とてもゆっくり、丁寧に撮られている印象はあるけれど、少しだけ違和感もある。
亡くなった恋人の死因は早いうちから想像はできる。ただその原因が自分にあると思っているのか、最後まで一緒にいれなかった自分を恥じているのか、責めているのか…。見終わってからフライヤーを見返してみて、そこにヒントがあったことに気づいたのだけれど。亡くなった彼へのどうしようもない怒りみたいなものもどこかにあるのだろうと思う。

告白後の彼の母の言葉に、共感するとともに許される気分になる。人生は何かを獲得していくものだと思っていたが、実は失っていくものだと気づいた、といった言葉。
歳を重ねたからこその言葉なのかもしれないが、私もそう思うようになった。
生きていると失っていくものはとても多い。それを悲しむだけでなく、受け入れていくことが、人生なんだとしみじみ感じている。
若くして大切なものを亡くした時の喪失感はとてつもなく大きい。獲得する人生の真っ只中にいる周りの人が羨ましく思えたり、どうしようもなく悲しみが押し寄せてきたり、動けない自分を責めたり、原因となる相手を責めたくもなったり。。

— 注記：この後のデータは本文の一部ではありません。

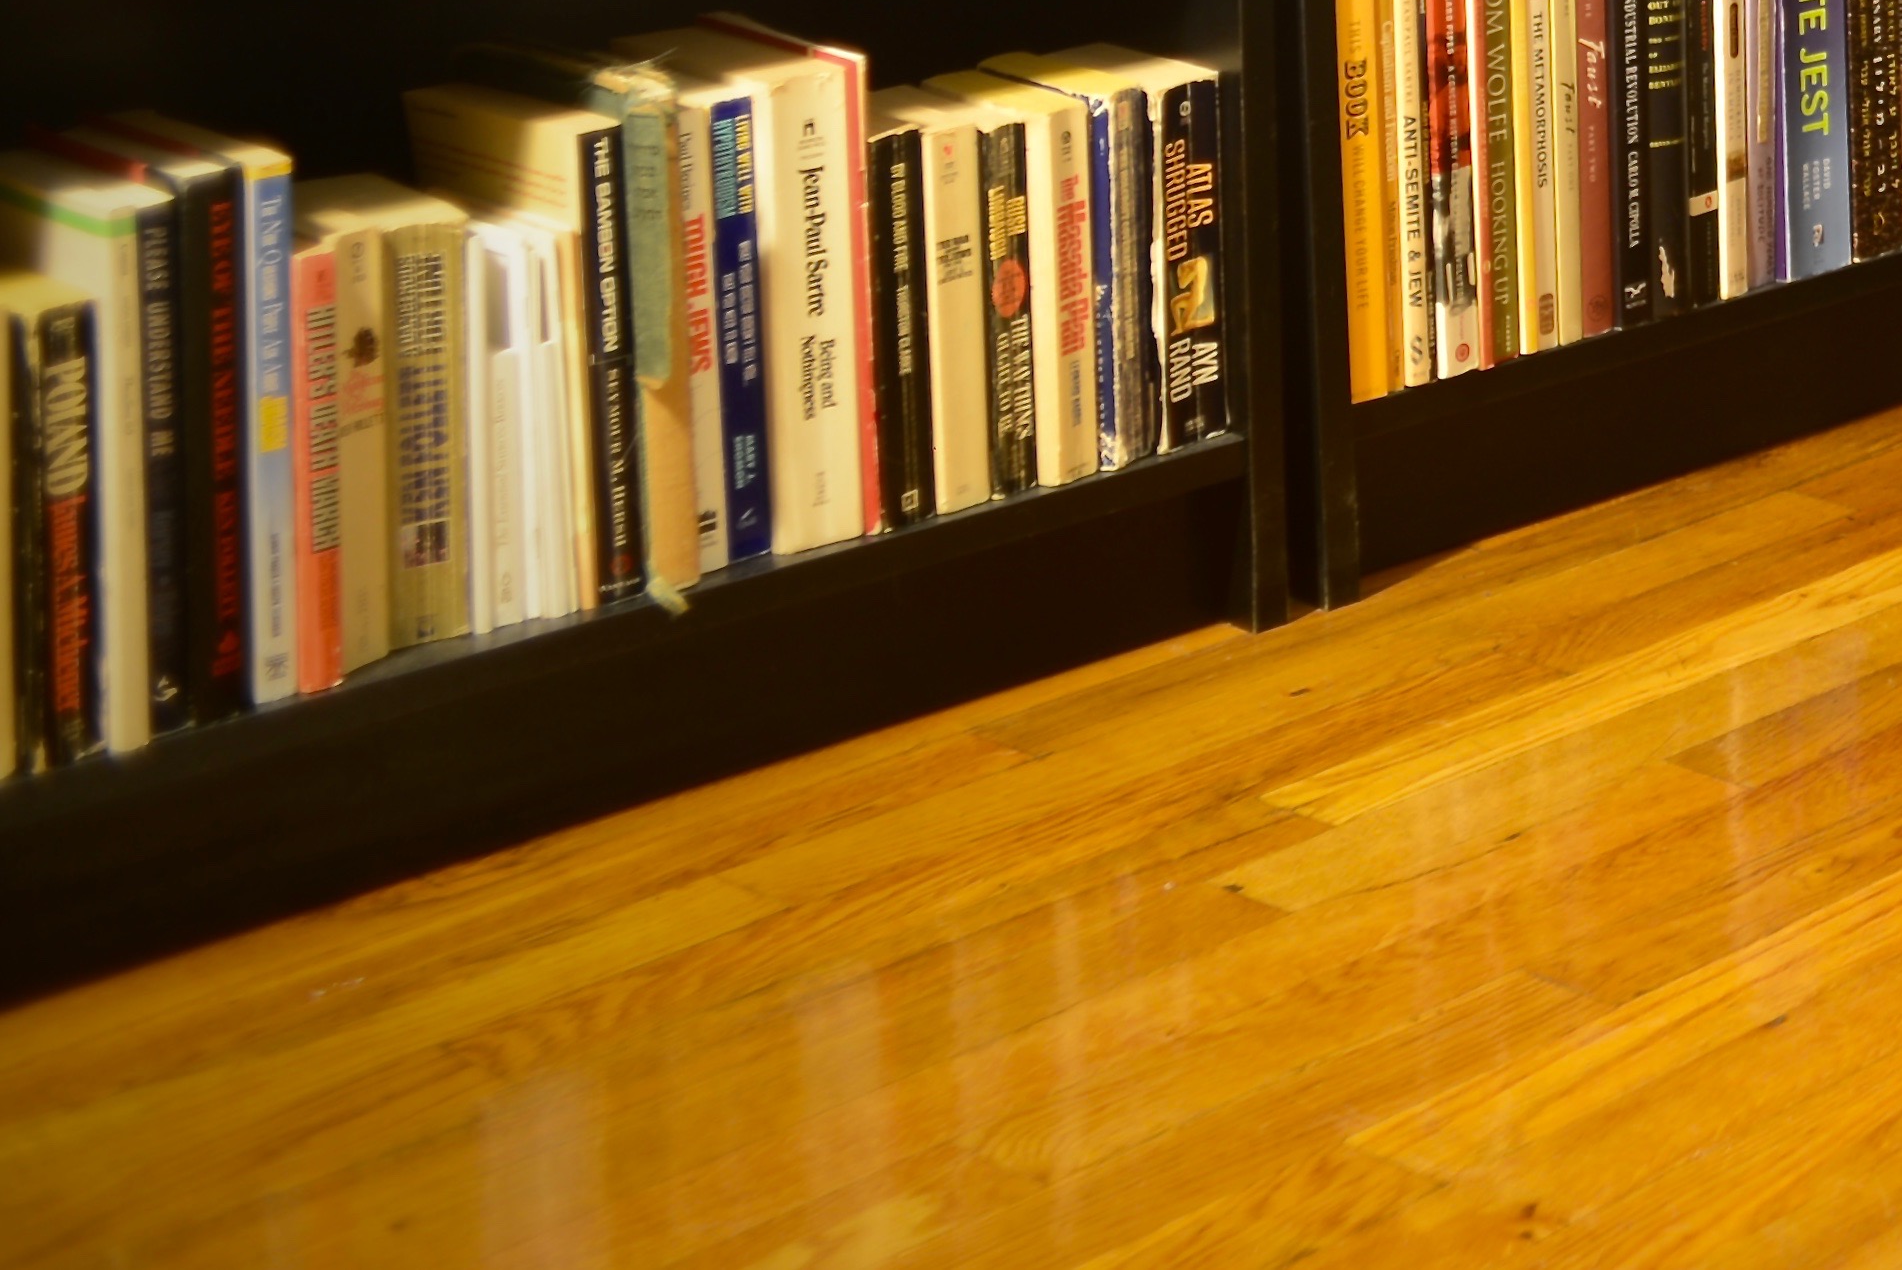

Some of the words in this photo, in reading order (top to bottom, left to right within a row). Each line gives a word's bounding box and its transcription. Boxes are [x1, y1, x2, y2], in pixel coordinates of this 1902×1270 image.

[1799, 49, 1829, 134] JEST
[798, 165, 827, 255] Jean-Paul
[1164, 138, 1188, 261] SHRUGGED
[1186, 162, 1212, 227] ATLAS
[1405, 115, 1419, 239] ANTI-SEMITE
[806, 262, 829, 316] Sartre
[1407, 250, 1419, 261] &
[1407, 268, 1422, 307] JEW

でも喪失感とはいつか皆、直面するもの、気づくものなのだ。
一足早く経験してしまったけれど。それを受け入れ昇華する。その時、今まで以上に世界に優しくなれて、また人は前を向いていけるのだと思う。

でもね、誰にも言えないものかな?恋人と〇〇〇たこと。お葬式の時には。3年もの時間が経って気持ちが整理できたから、言えたのだろうか?なんとなくそこが、私には違和感がある理由かもしれない。あとね、音楽の先生なんだ!っていう驚き。映画の中で言ってましたっけ?彼女の暮らしぶりからも感じられなくないですか??

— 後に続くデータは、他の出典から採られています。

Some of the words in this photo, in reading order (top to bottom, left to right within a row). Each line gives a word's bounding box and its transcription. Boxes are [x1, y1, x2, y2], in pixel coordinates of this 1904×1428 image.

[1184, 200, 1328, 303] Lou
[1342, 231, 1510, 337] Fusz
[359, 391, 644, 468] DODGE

岸恵子さん、なんだろうすごく存在感あった。母親役なのに色っぽさもある。私的注目度、上昇中〜。
青柳さんは、今泉監督以外で初めて遭遇したかも。そして、教え子役の彼女、どこかで目にした気もするけれど映画はじめて?なのかな?今後の期待大なのです。
三浦くん、こういう不器用な役、意外ににしっくりきました。イイね。